**Exercise objective:**
Find the line with "Some of the text" in the data below, then restate it and all remaining lines exactly, adding nothing.

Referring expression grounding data
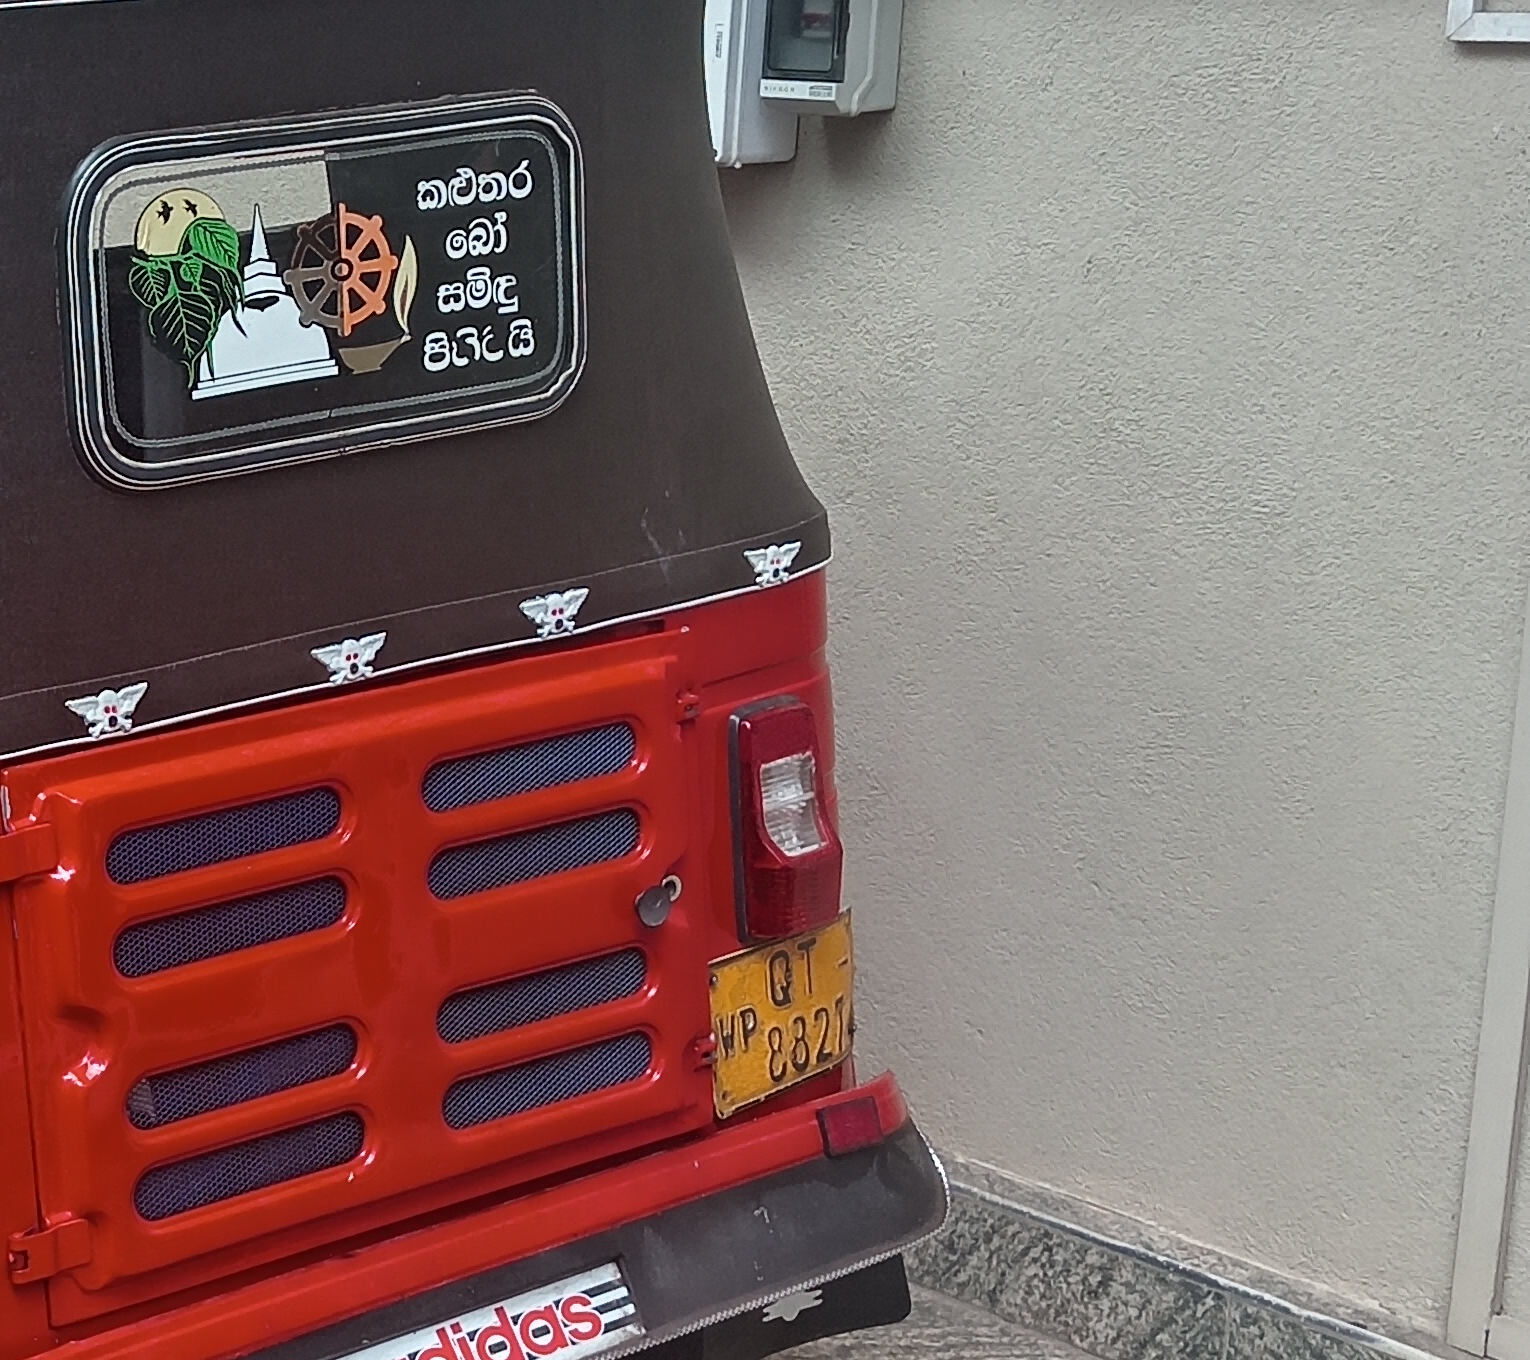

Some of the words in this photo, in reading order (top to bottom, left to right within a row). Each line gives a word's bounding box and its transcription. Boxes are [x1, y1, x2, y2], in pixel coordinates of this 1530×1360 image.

[416, 159, 534, 211] කළුතර
[445, 211, 509, 260] බෝ
[716, 1006, 758, 1060] WP
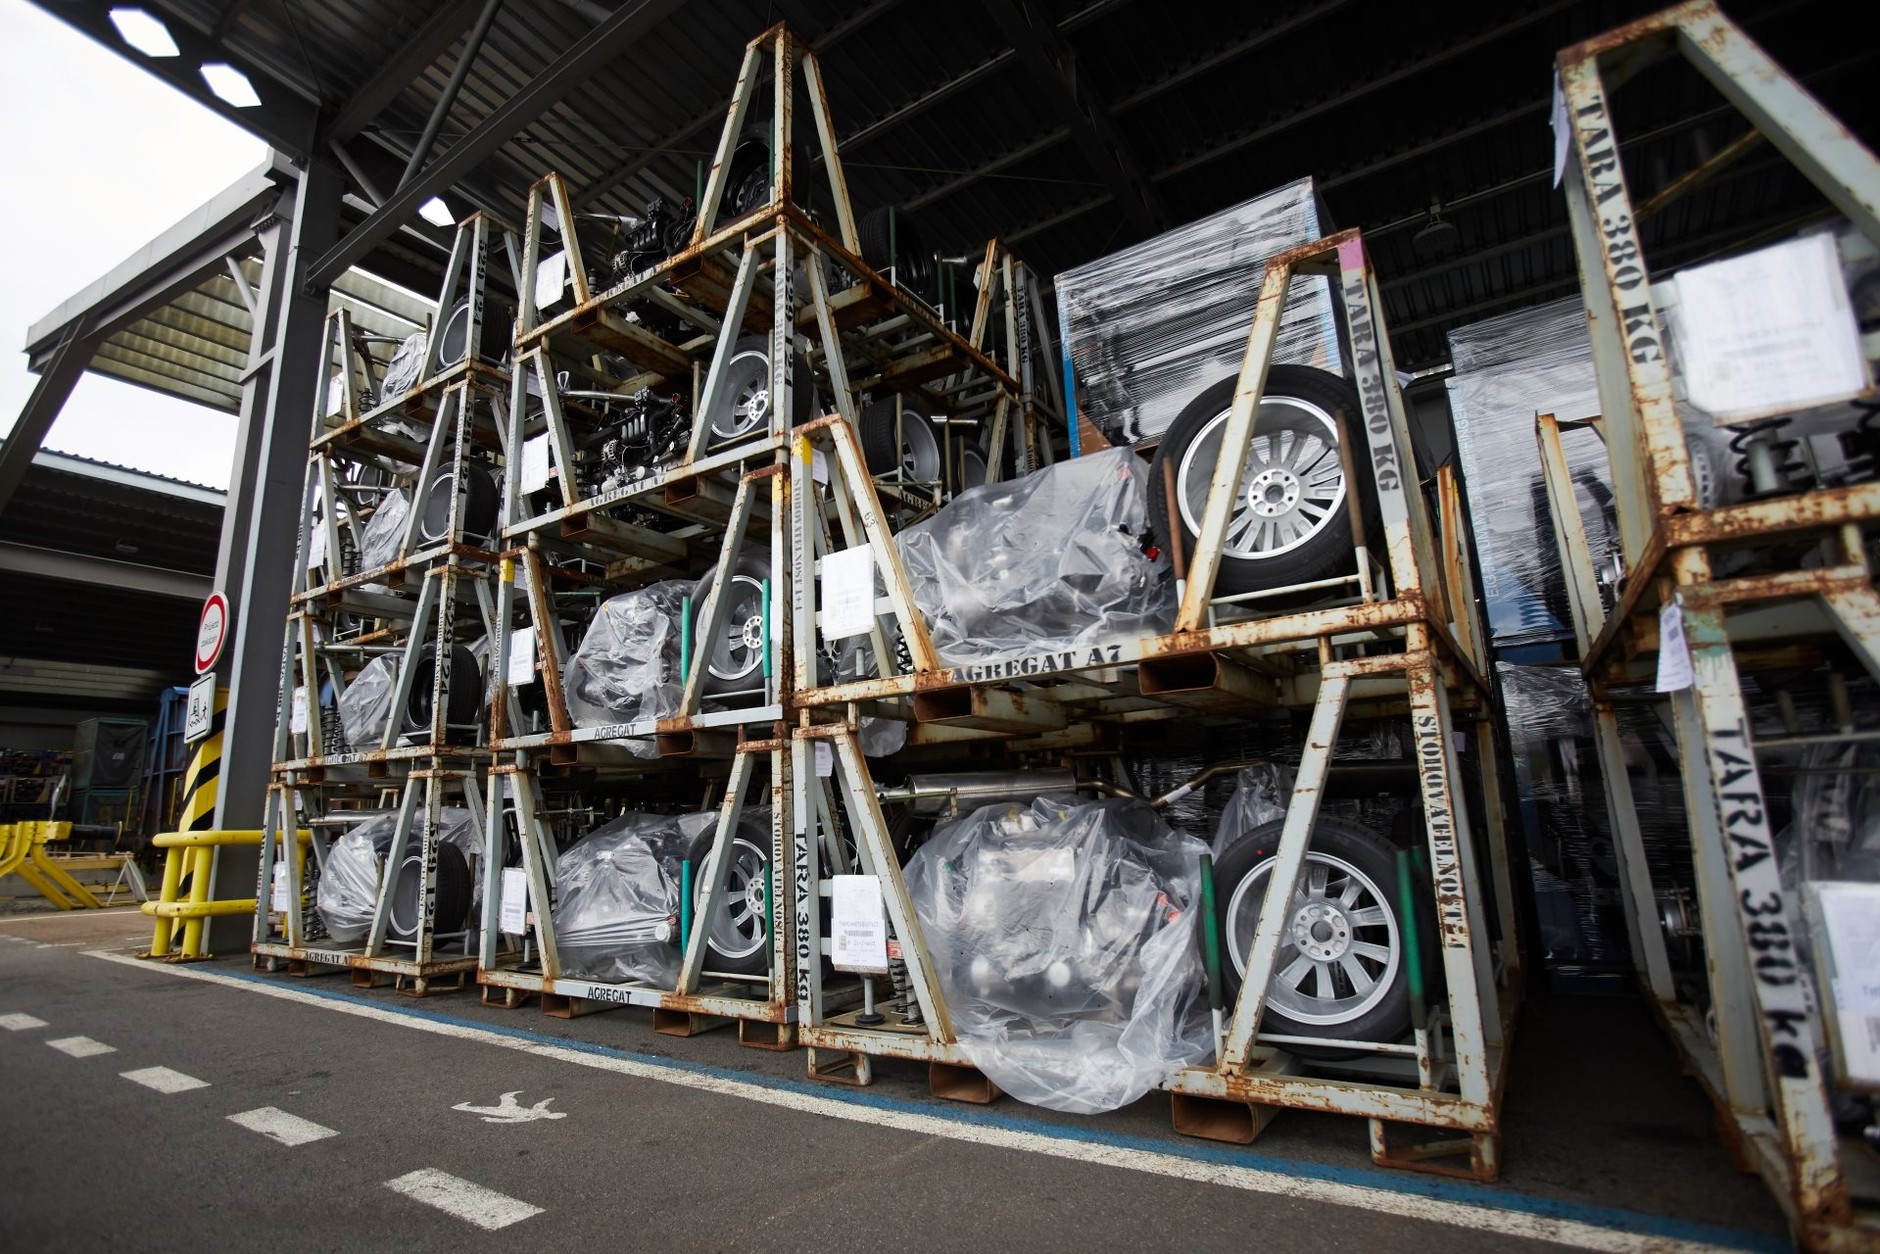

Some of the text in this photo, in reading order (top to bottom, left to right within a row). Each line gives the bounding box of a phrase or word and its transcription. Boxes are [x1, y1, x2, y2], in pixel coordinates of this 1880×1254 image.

[1577, 95, 1662, 366] TARA 380 KG
[477, 240, 488, 280] 529
[785, 266, 794, 322] 529
[775, 263, 784, 386] TARA 380 KG
[1017, 285, 1029, 364] TARA 380 KG
[1345, 279, 1400, 493] TARA 380 KG
[462, 400, 474, 445] 529
[794, 479, 803, 585] STOHOVATELNOST
[951, 644, 1122, 684] AGREGAT A7
[594, 723, 637, 739] AGREGAT
[428, 823, 439, 864] 529
[796, 828, 809, 903] TARA
[1709, 718, 1771, 873] TARA
[1740, 887, 1796, 987] 380
[305, 951, 341, 964] AGREGAT
[797, 912, 810, 959] 380
[587, 986, 632, 1004] AGREGAT

**Problem solution:**
Some of the text in this photo, in reading order (top to bottom, left to right within a row). Each line gives the bounding box of a phrase or word and its transcription. Boxes are [x1, y1, x2, y2], in pixel coordinates of this 1880×1254 image.

[1577, 95, 1662, 366] TARA 380 KG
[477, 240, 488, 280] 529
[785, 266, 794, 322] 529
[775, 263, 784, 386] TARA 380 KG
[1017, 285, 1029, 364] TARA 380 KG
[1345, 279, 1400, 493] TARA 380 KG
[462, 400, 474, 445] 529
[794, 479, 803, 585] STOHOVATELNOST
[951, 644, 1122, 684] AGREGAT A7
[594, 723, 637, 739] AGREGAT
[428, 823, 439, 864] 529
[796, 828, 809, 903] TARA
[1709, 718, 1771, 873] TARA
[1740, 887, 1796, 987] 380
[305, 951, 341, 964] AGREGAT
[797, 912, 810, 959] 380
[587, 986, 632, 1004] AGREGAT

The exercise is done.